### Required action
Write every record out again exactly, and keep images out of it.
BEGIN Stored data
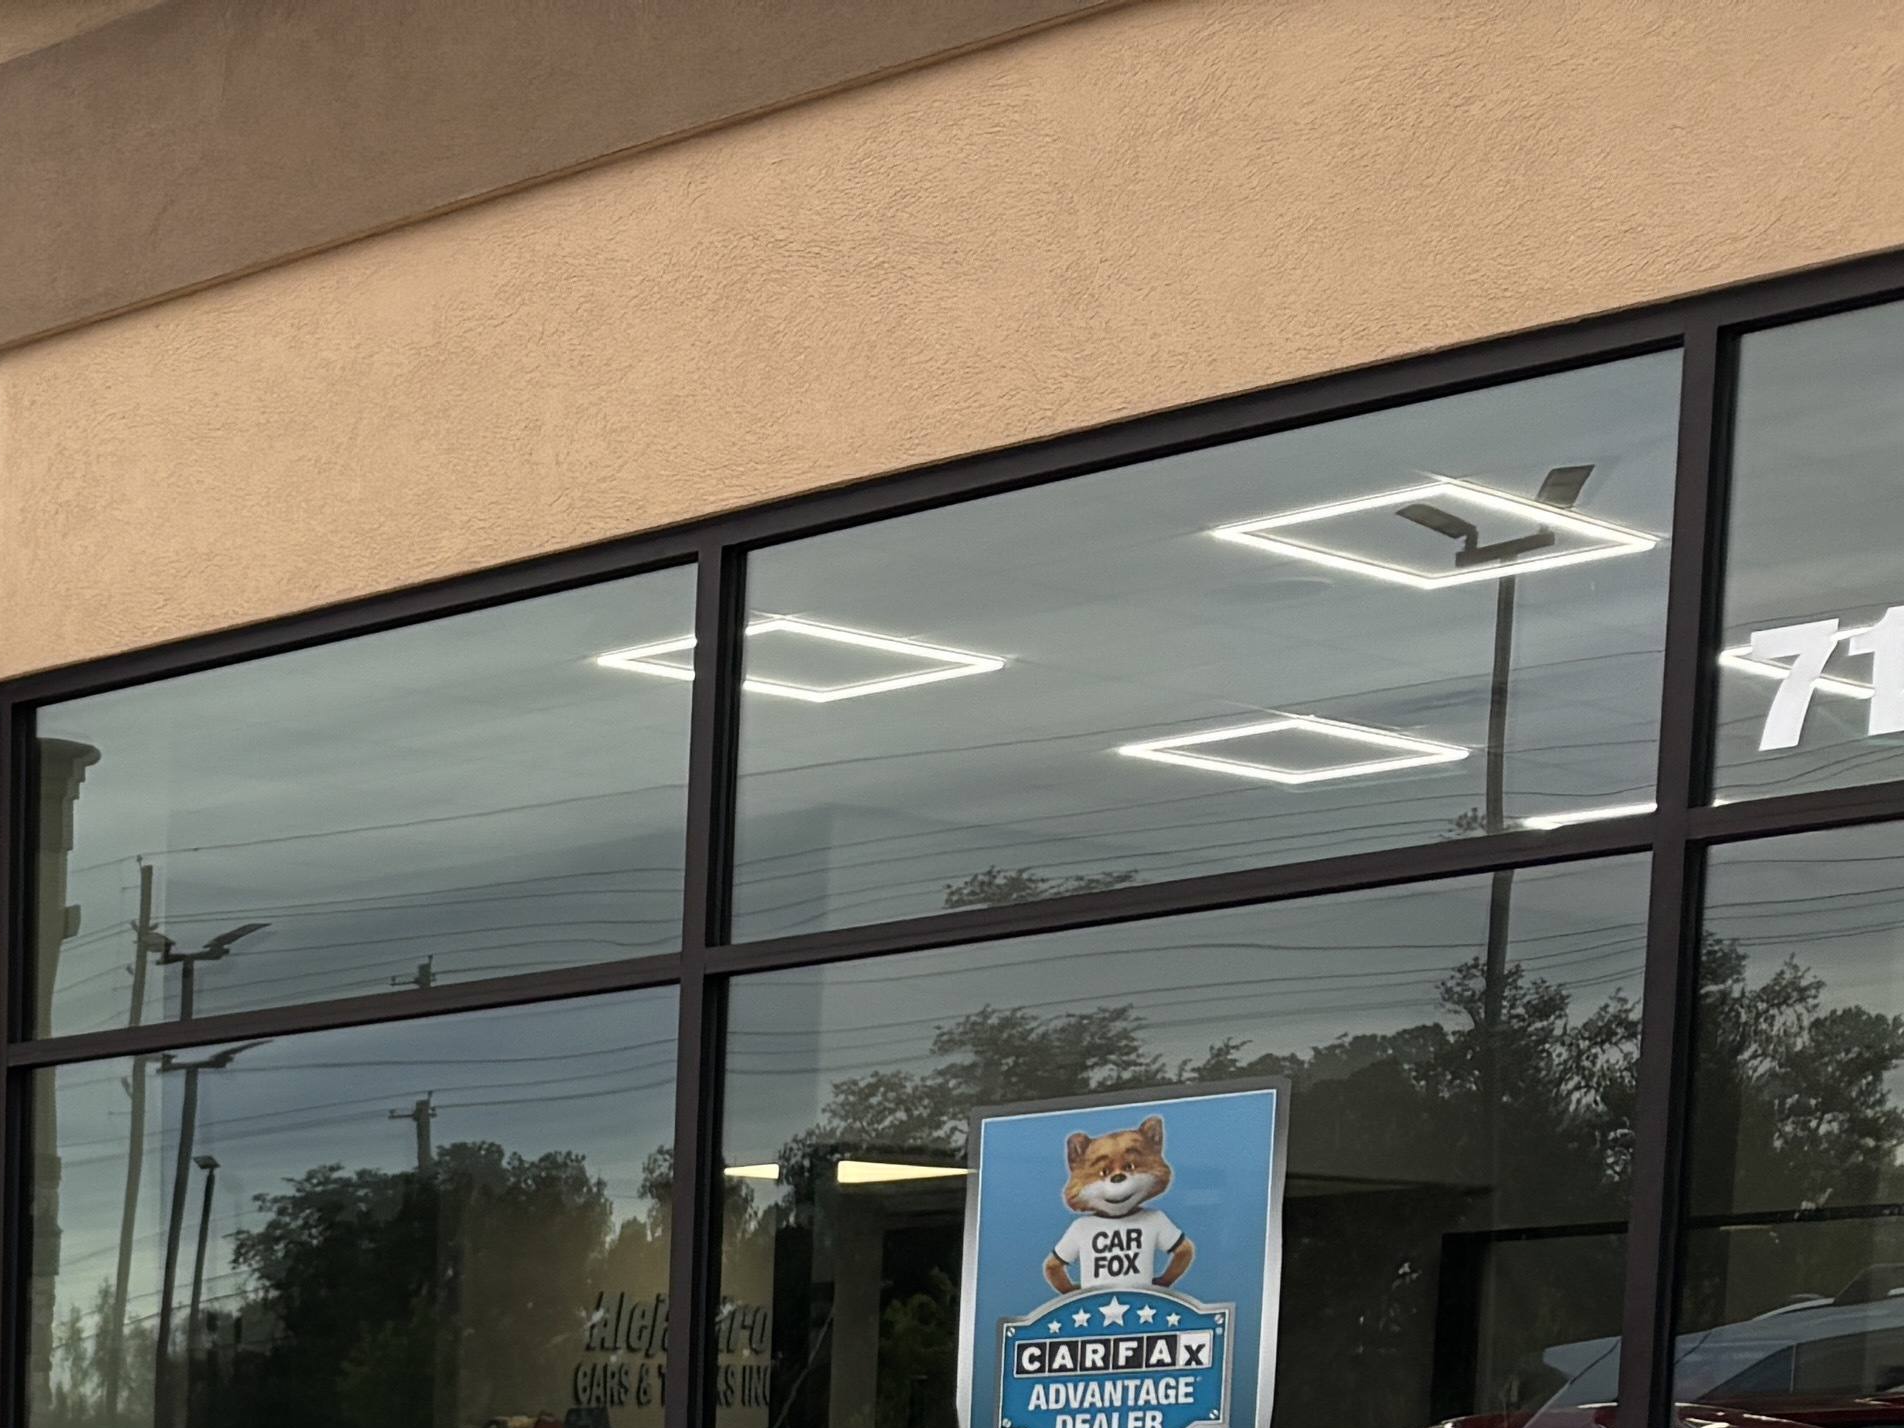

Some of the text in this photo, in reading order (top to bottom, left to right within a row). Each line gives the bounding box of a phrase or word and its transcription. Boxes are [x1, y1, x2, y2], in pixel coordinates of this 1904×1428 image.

[1092, 1228, 1142, 1254] CAR
[1094, 1253, 1141, 1278] FOX
[1020, 1336, 1209, 1374] CARFAX
[574, 1362, 631, 1406] CARS
[1028, 1376, 1195, 1410] ADVANTAGE
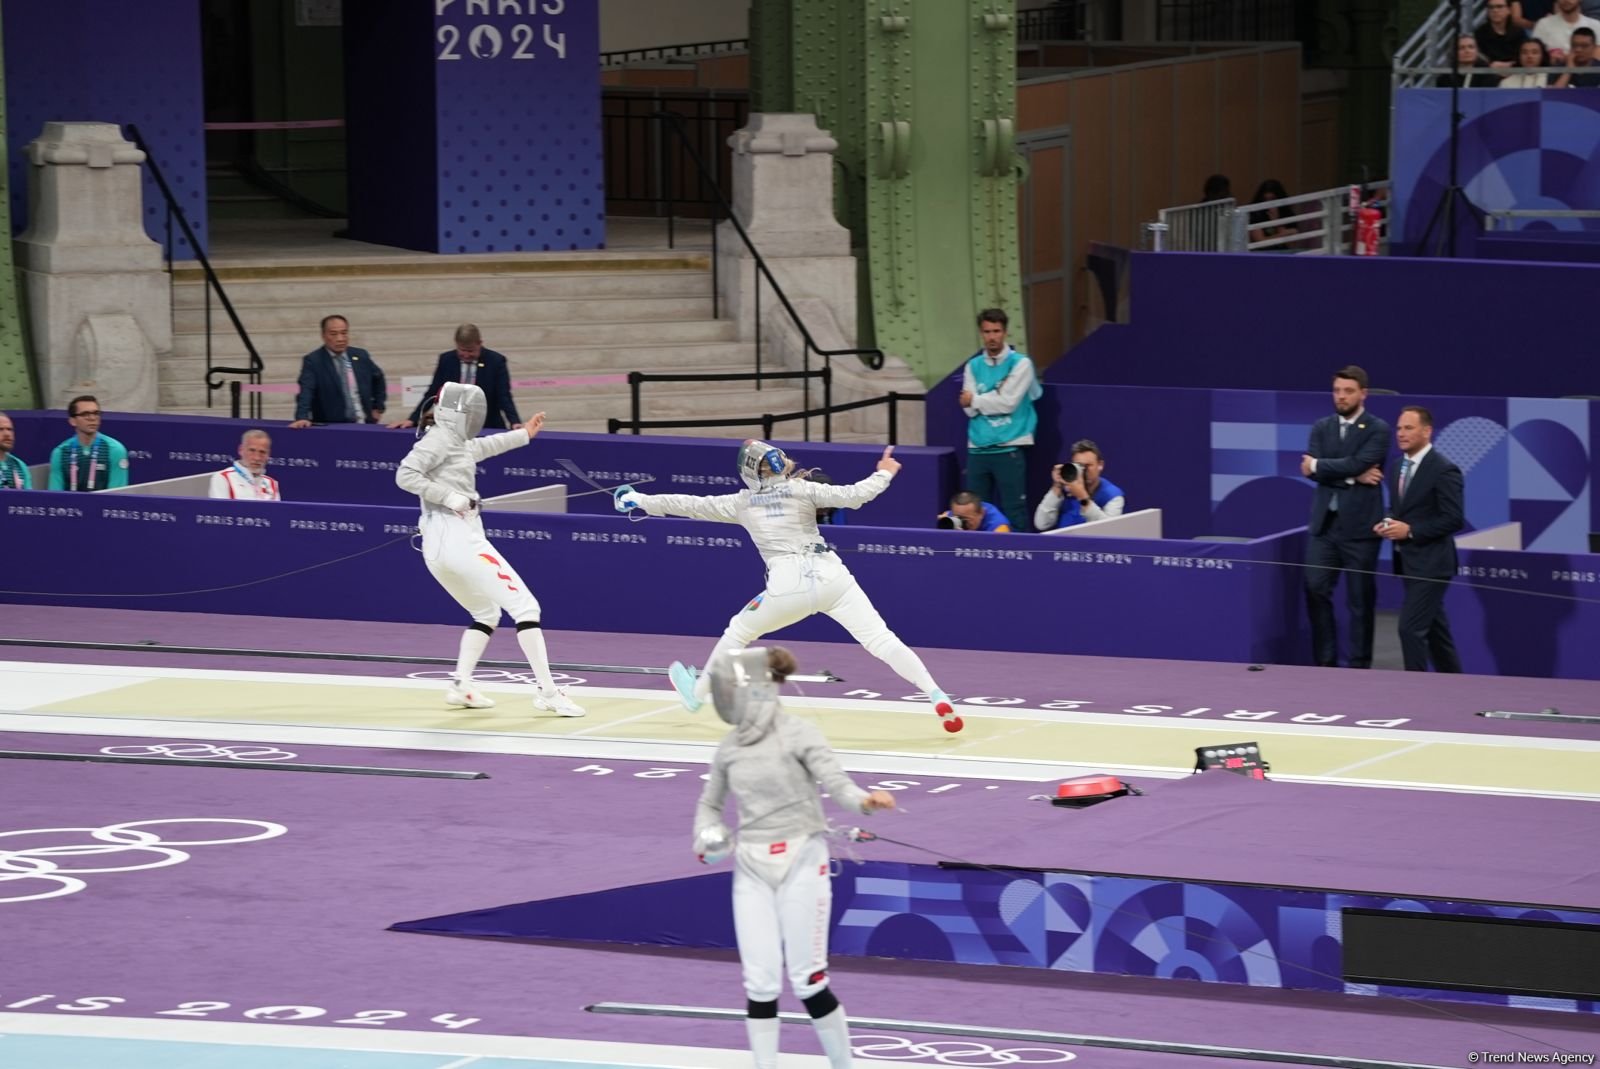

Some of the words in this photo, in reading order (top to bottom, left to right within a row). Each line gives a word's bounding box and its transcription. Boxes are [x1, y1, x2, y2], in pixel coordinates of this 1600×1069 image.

[436, 24, 566, 60] 2024
[128, 450, 152, 459] 024
[288, 458, 320, 468] 2024
[539, 468, 571, 478] 2024
[707, 475, 739, 486] 2024
[48, 507, 83, 518] 2024
[142, 511, 177, 522] 2024
[236, 516, 271, 528] 2024
[329, 521, 365, 533] 2024
[485, 528, 516, 540] ARIS
[517, 530, 552, 542] 2024
[611, 533, 647, 545] 2024
[706, 537, 742, 549] 2024
[897, 545, 935, 557] 2024
[996, 549, 1033, 561] 2024
[1095, 553, 1133, 565] 2024
[1195, 558, 1233, 570] 2024
[1488, 567, 1529, 580] 2024
[154, 1001, 482, 1029] 2024
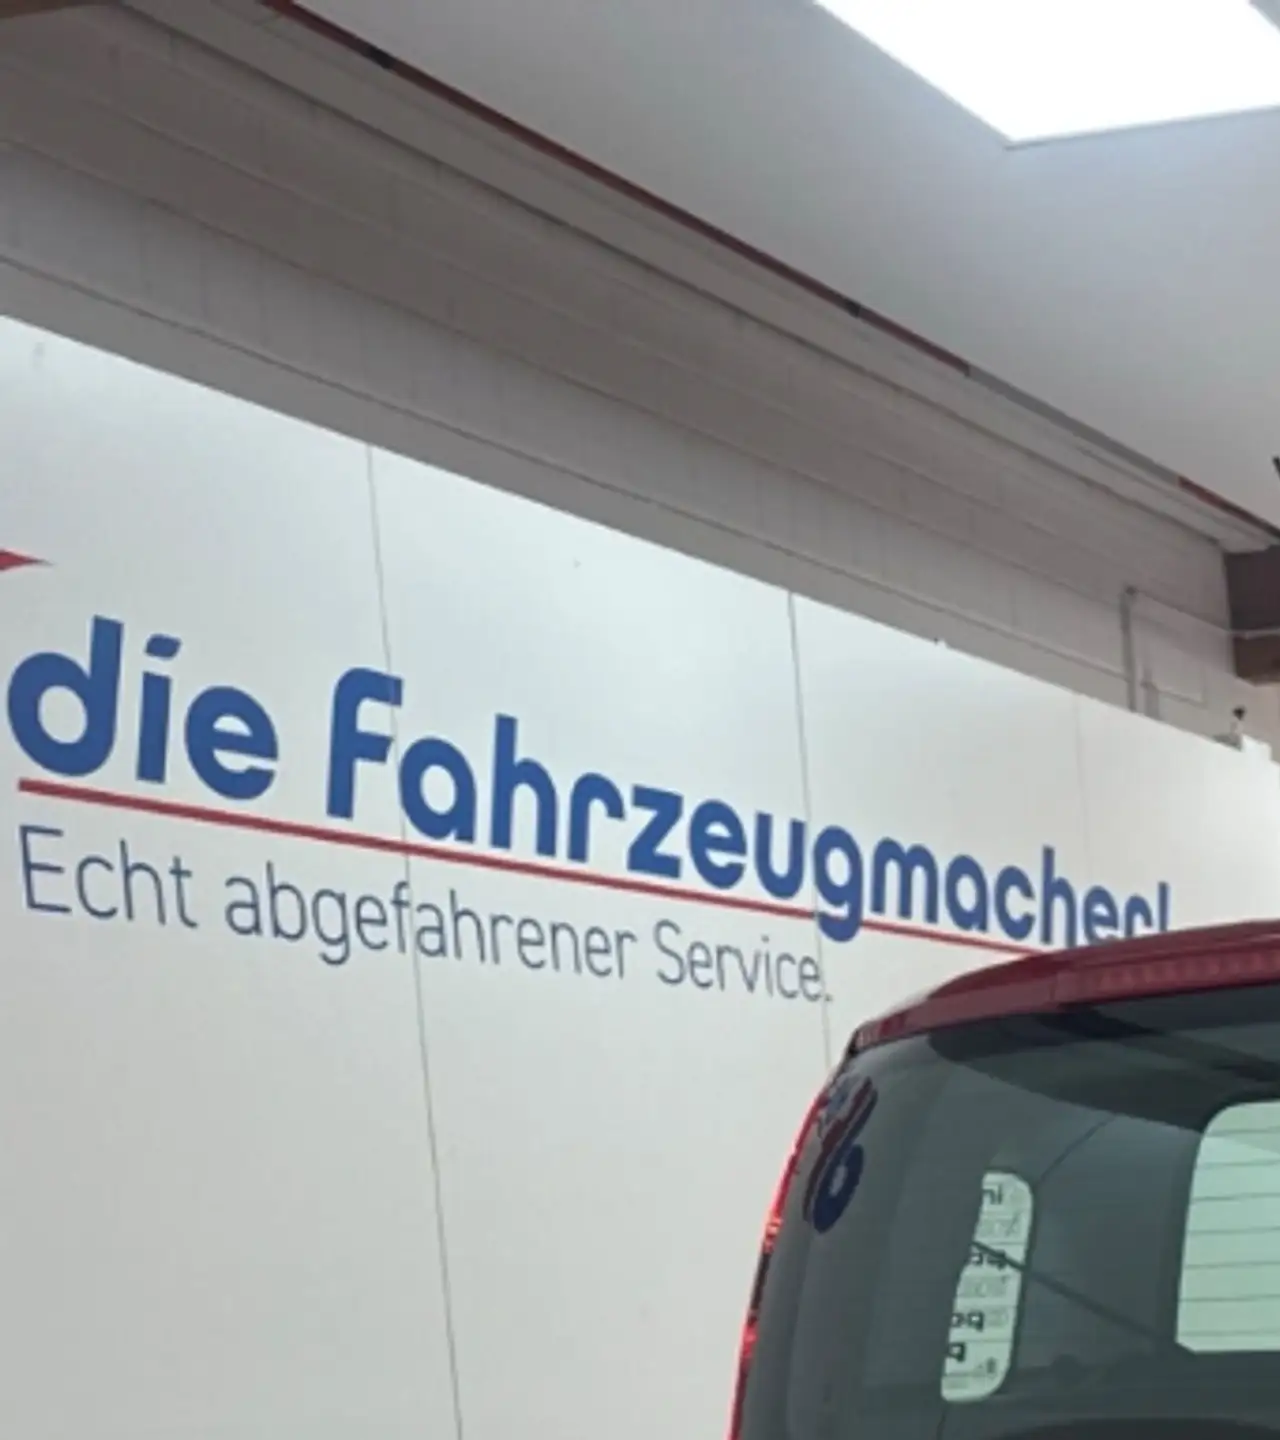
END Stored data
### Result of the task
Some of the text in this photo, in reading order (top to bottom, left to right within a row). Each line gives the bounding box of a phrase or word and its transcription. Boxes are [x1, y1, x2, y2], in pixel coordinates of this 1904×1428 image.

[1092, 1228, 1142, 1254] CAR
[1094, 1253, 1141, 1278] FOX
[1020, 1336, 1209, 1374] CARFAX
[574, 1362, 631, 1406] CARS
[1028, 1376, 1195, 1410] ADVANTAGE

Some of the words in this photo, in reading order (top to bottom, left to right within a row). Each line gives a word's bounding box and its transcription. Boxes are [x1, y1, x2, y2], in pixel coordinates of this 1600×1069 image.

[436, 24, 566, 60] 2024
[128, 450, 152, 459] 024
[288, 458, 320, 468] 2024
[539, 468, 571, 478] 2024
[707, 475, 739, 486] 2024
[48, 507, 83, 518] 2024
[142, 511, 177, 522] 2024
[236, 516, 271, 528] 2024
[329, 521, 365, 533] 2024
[485, 528, 516, 540] ARIS
[517, 530, 552, 542] 2024
[611, 533, 647, 545] 2024
[706, 537, 742, 549] 2024
[897, 545, 935, 557] 2024
[996, 549, 1033, 561] 2024
[1095, 553, 1133, 565] 2024
[1195, 558, 1233, 570] 2024
[1488, 567, 1529, 580] 2024
[154, 1001, 482, 1029] 2024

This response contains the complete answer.